Hmmm, looking back at my post (http://sciencepolitics.blogspot.com/2004/12/great-men-history-and-science.html), and reading johnnybutter's comment to it, I was not really clear how I made the connection between science and politics, and between Great Men and No Great Men history.

The first class I described, the class I took, was a great example of teaching a field of science using a "Great Men in Context" approach. We learned names of people who did stuff, but also why they did it, i.e., how was it possible for them to even think that way at the time they lived. Why was a certain interpretation of data possible or impossible in 1700s, or 1920s, or 1950s, although we have a different interpretation today, with 20/20 hindsight. This approach made the class extremely effective, and I wish more science classes are taught this way.

The second class, the one I taught, was an example of avoiding any people and any context BECAUSE the audience is likely to already have an a priori negative view of them. Thus, I did not talk about Darwin at all (I did later - I actually led a discussion about Creationism the following week, and it was great - I think I converted most, though not all, students). It was all concepts and principles.

Thus, these two examples served to show how different situations call for different solutions: Great Men for some, No Men for others. This is something I tried to find a parallel in political movements: Great Men are better in some situations, No Men in others.

As for art and science, I agree there is great similarity in creativity and "thinking outside the box" between the practitioners of the two. I adore Erasmus' poetry. He provided the Seed that Charles turned into Fruit.

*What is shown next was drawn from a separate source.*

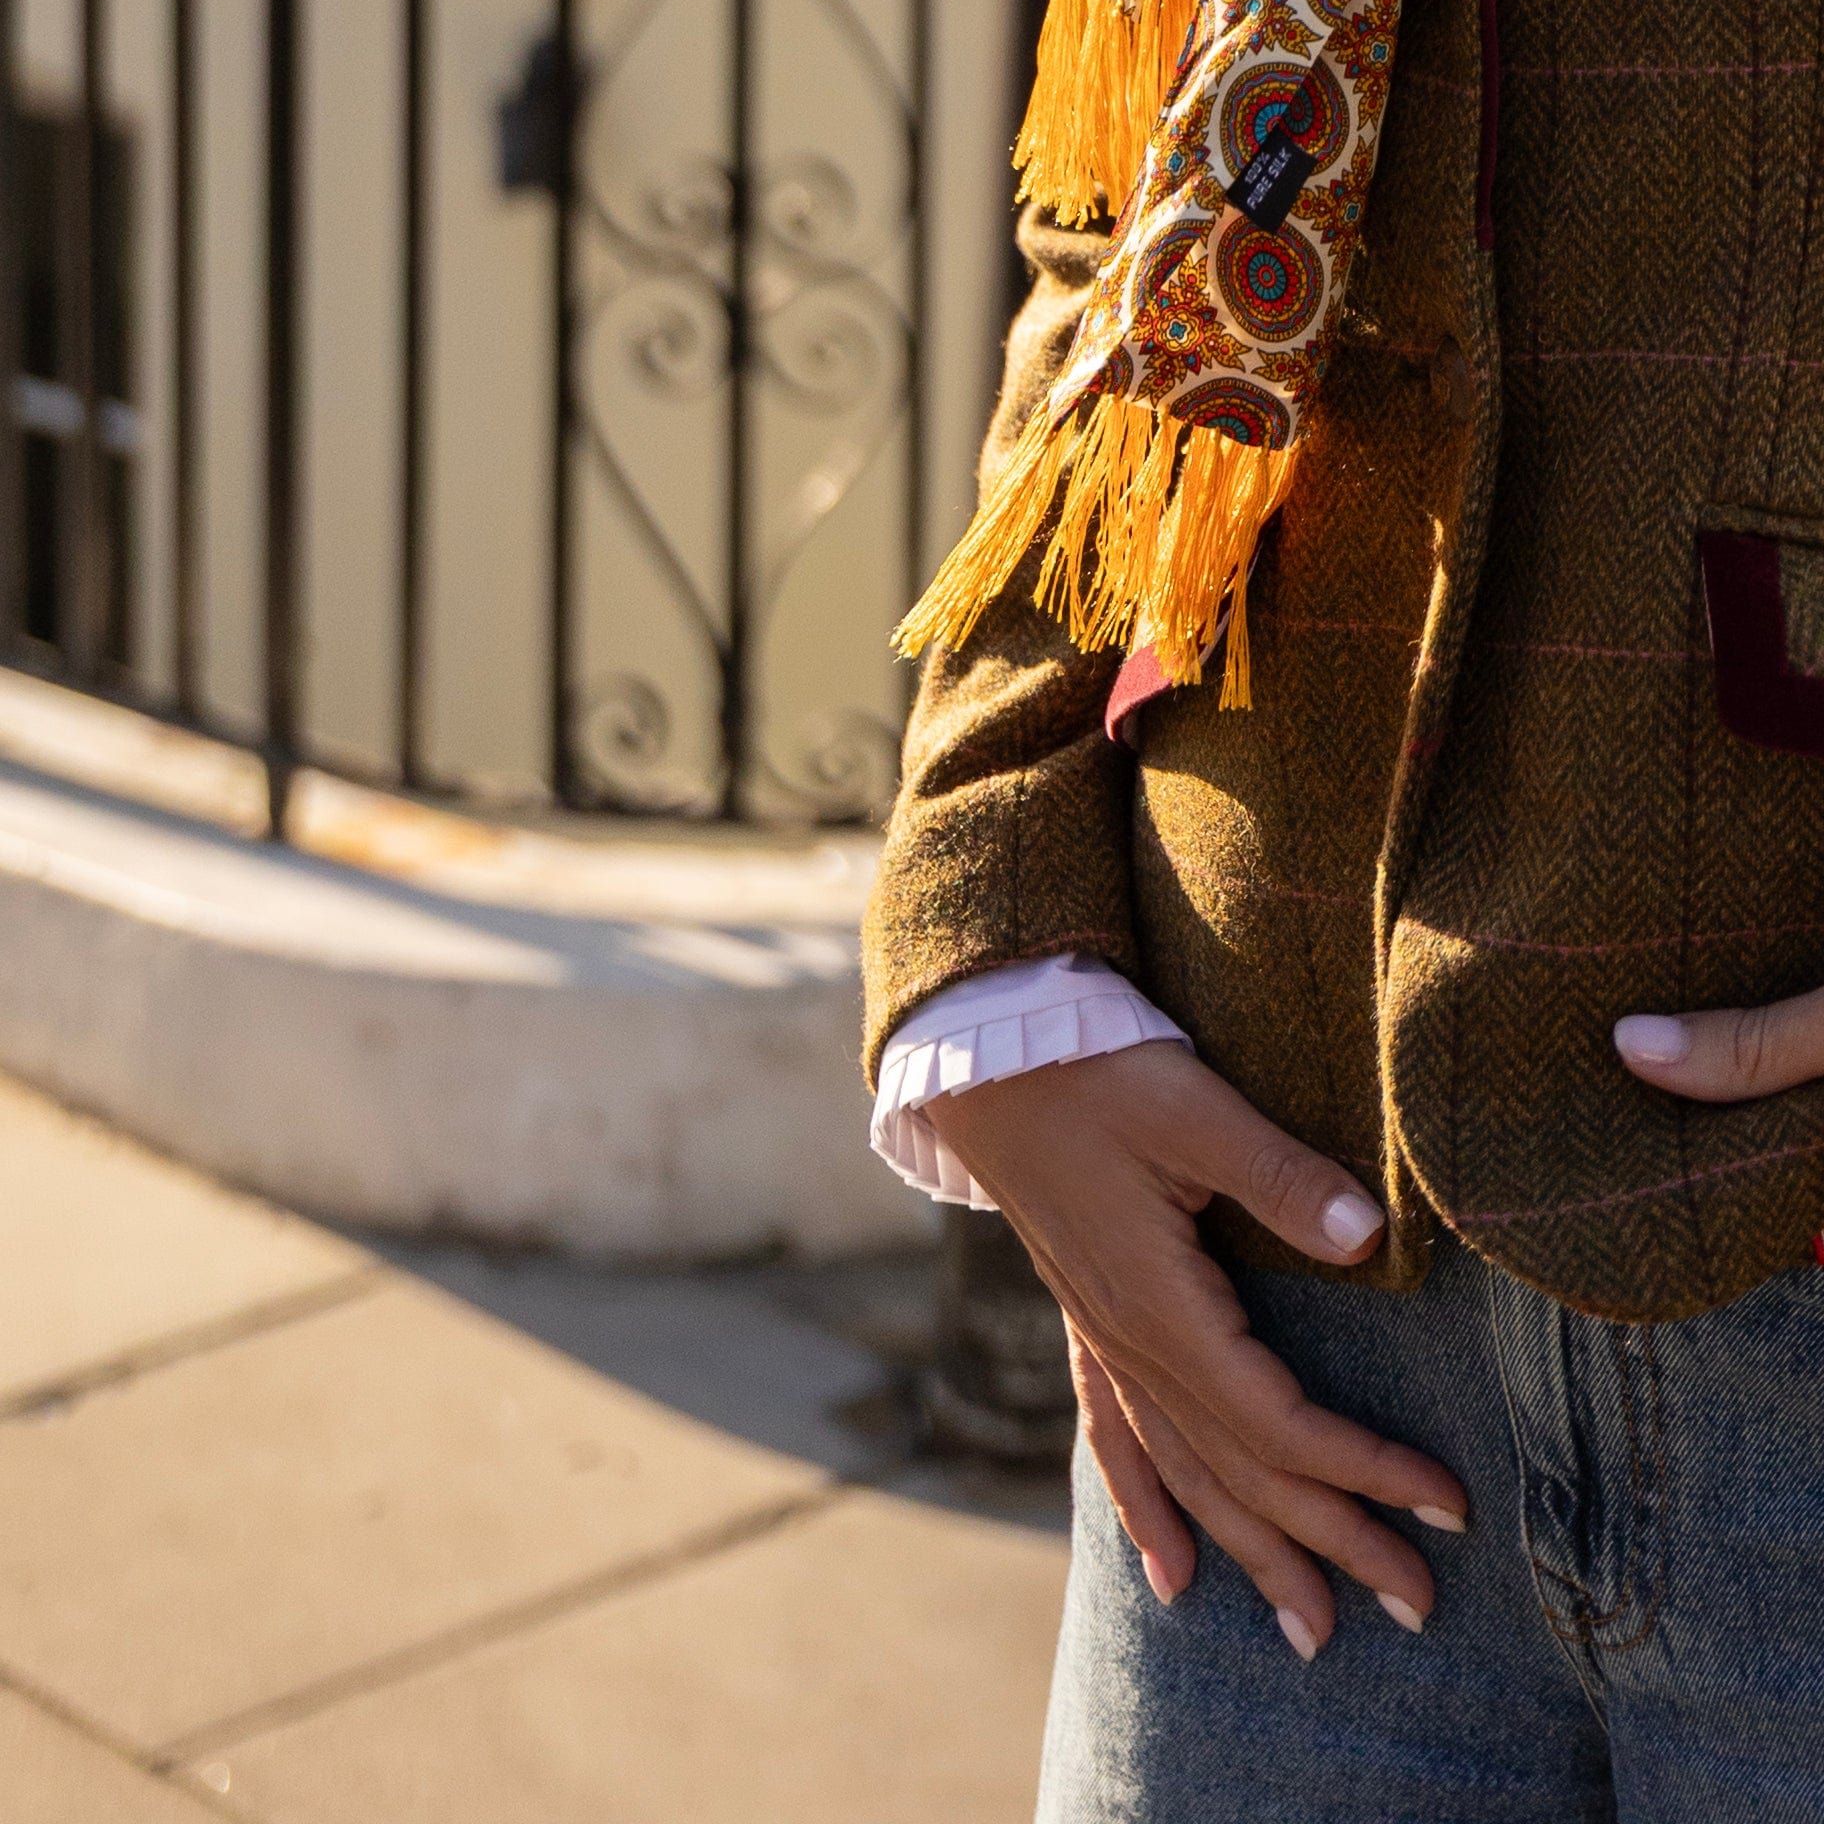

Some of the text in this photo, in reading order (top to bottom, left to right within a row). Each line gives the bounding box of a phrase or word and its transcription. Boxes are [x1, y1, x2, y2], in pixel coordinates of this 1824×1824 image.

This reminds me of my oral prelims a couple of years ago. Knowing I was one of those rare grad students who actually reads a lot about history and philosophy of science, the committee members were eager to get the science portion of the exam done quickly and to start asking me fun questions. I was asked the names of people who received the last three Nobel prizes for physiology/medicine and for what discoveries. I actually knew it. We discussed post-modernism/relativism in academia (remember: this is an exam in Zoology!). Then, one of the members asked me to name three scientists who I admire the most, and why. I think he expected me to take some time thinking about it, so he was surprised with my machine-gun rapid-fire response:

"Charles Darwin, Niko Tinbergen and Knut Schmidt-Nielsen. Although they were officially working in three different fields - evolution, behavior and physiology - they have something in common. All three went out in nature and noticed things that nobody ever did. All three went out in the nature and noticed stuff that everyone knew and took for granted, yet they found astoundingly interesting. All three displayed huge childlike curiosity. All three were very capable of putting disparate facts together that nobody before thought to put together. All three were very creative - they were well known for designing extremely simple and cheap, yet effective tests of their hypotheses: play flute to earthworms, move some pine-cones around, overheat some camels - all those things could have been done by Ancient Greeks, not to mentioned by their peers, yet nobody thought of it. All three used their results to build large theories that stood the test of time. Were they genuises? Well, they were sure thinking differently from their colleagues and contemporaries, people who had the same social environment and same scientific education."